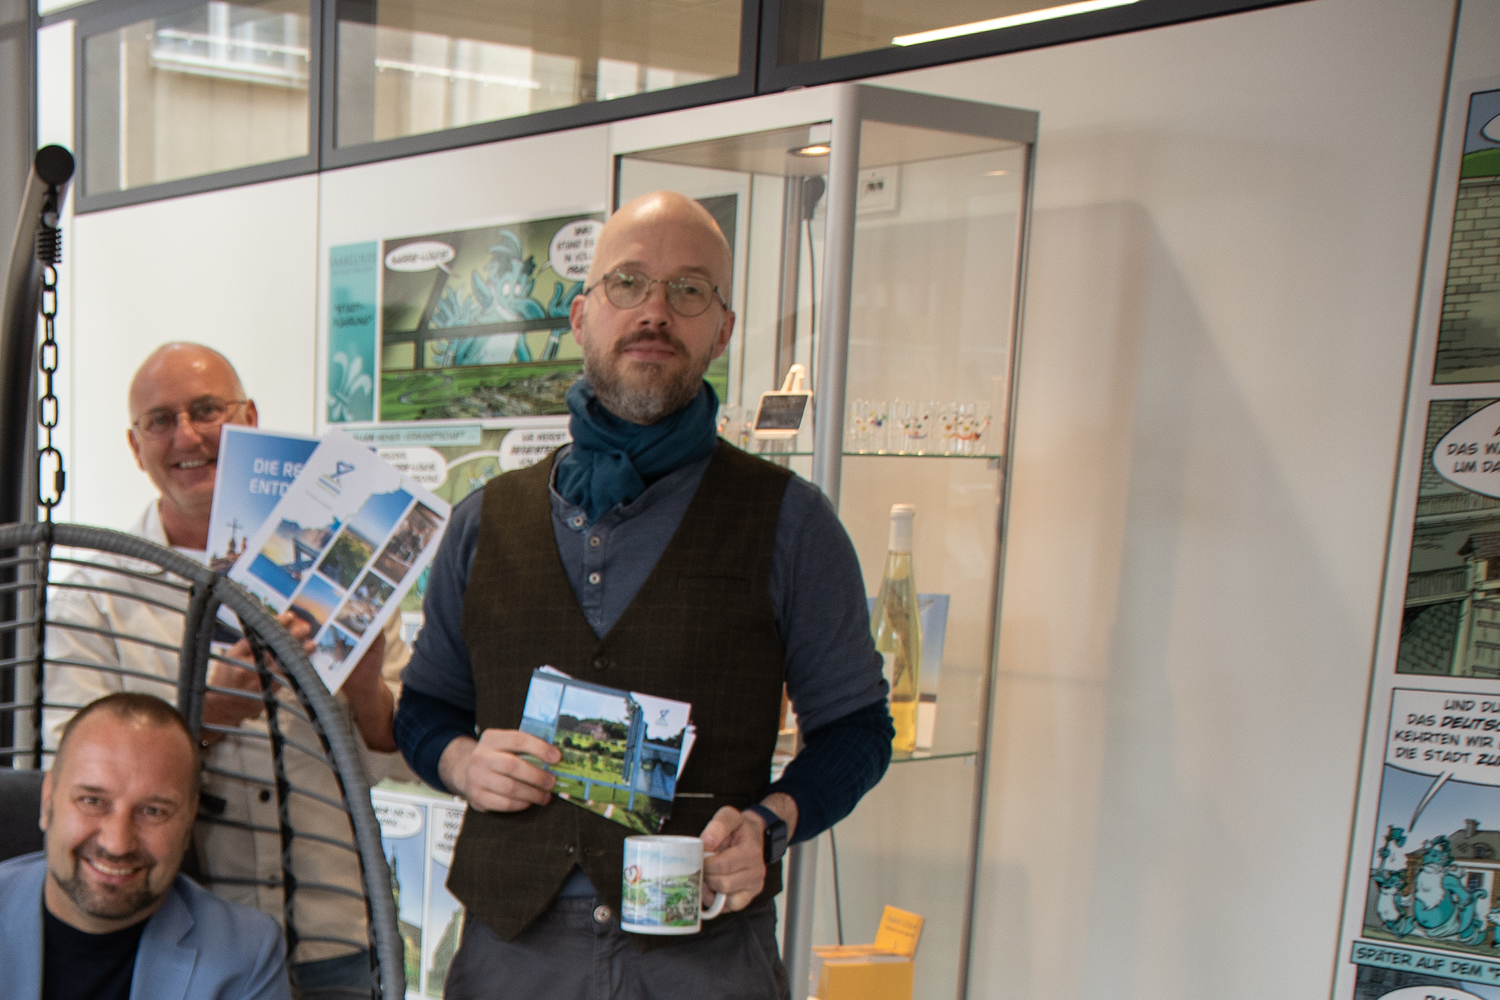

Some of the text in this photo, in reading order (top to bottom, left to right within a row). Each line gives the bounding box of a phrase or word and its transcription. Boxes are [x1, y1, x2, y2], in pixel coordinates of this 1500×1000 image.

[1446, 442, 1479, 456] DAS
[253, 457, 279, 476] DIE
[1453, 460, 1478, 474] UM
[1443, 699, 1476, 711] UND
[1406, 713, 1437, 726] DAS
[1394, 729, 1460, 746] KEHRTEN
[1465, 736, 1495, 748] WIR
[1395, 746, 1418, 760] DIE
[1423, 748, 1473, 764] STADT
[1355, 946, 1413, 966] SPÄTER
[1415, 956, 1446, 970] AUF
[1450, 961, 1483, 977] DEM

◇ ◇ ◇

● **EXERCISE DETAILS**
Restate the entries above word for word, minus the pictures.

● **ANSWER SPACE**
Some of the text in this photo, in reading order (top to bottom, left to right within a row). Each line gives the bounding box of a phrase or word and its transcription. Boxes are [x1, y1, x2, y2], in pixel coordinates of this 1500×1000 image.

[1446, 442, 1479, 456] DAS
[253, 457, 279, 476] DIE
[1453, 460, 1478, 474] UM
[1443, 699, 1476, 711] UND
[1406, 713, 1437, 726] DAS
[1394, 729, 1460, 746] KEHRTEN
[1465, 736, 1495, 748] WIR
[1395, 746, 1418, 760] DIE
[1423, 748, 1473, 764] STADT
[1355, 946, 1413, 966] SPÄTER
[1415, 956, 1446, 970] AUF
[1450, 961, 1483, 977] DEM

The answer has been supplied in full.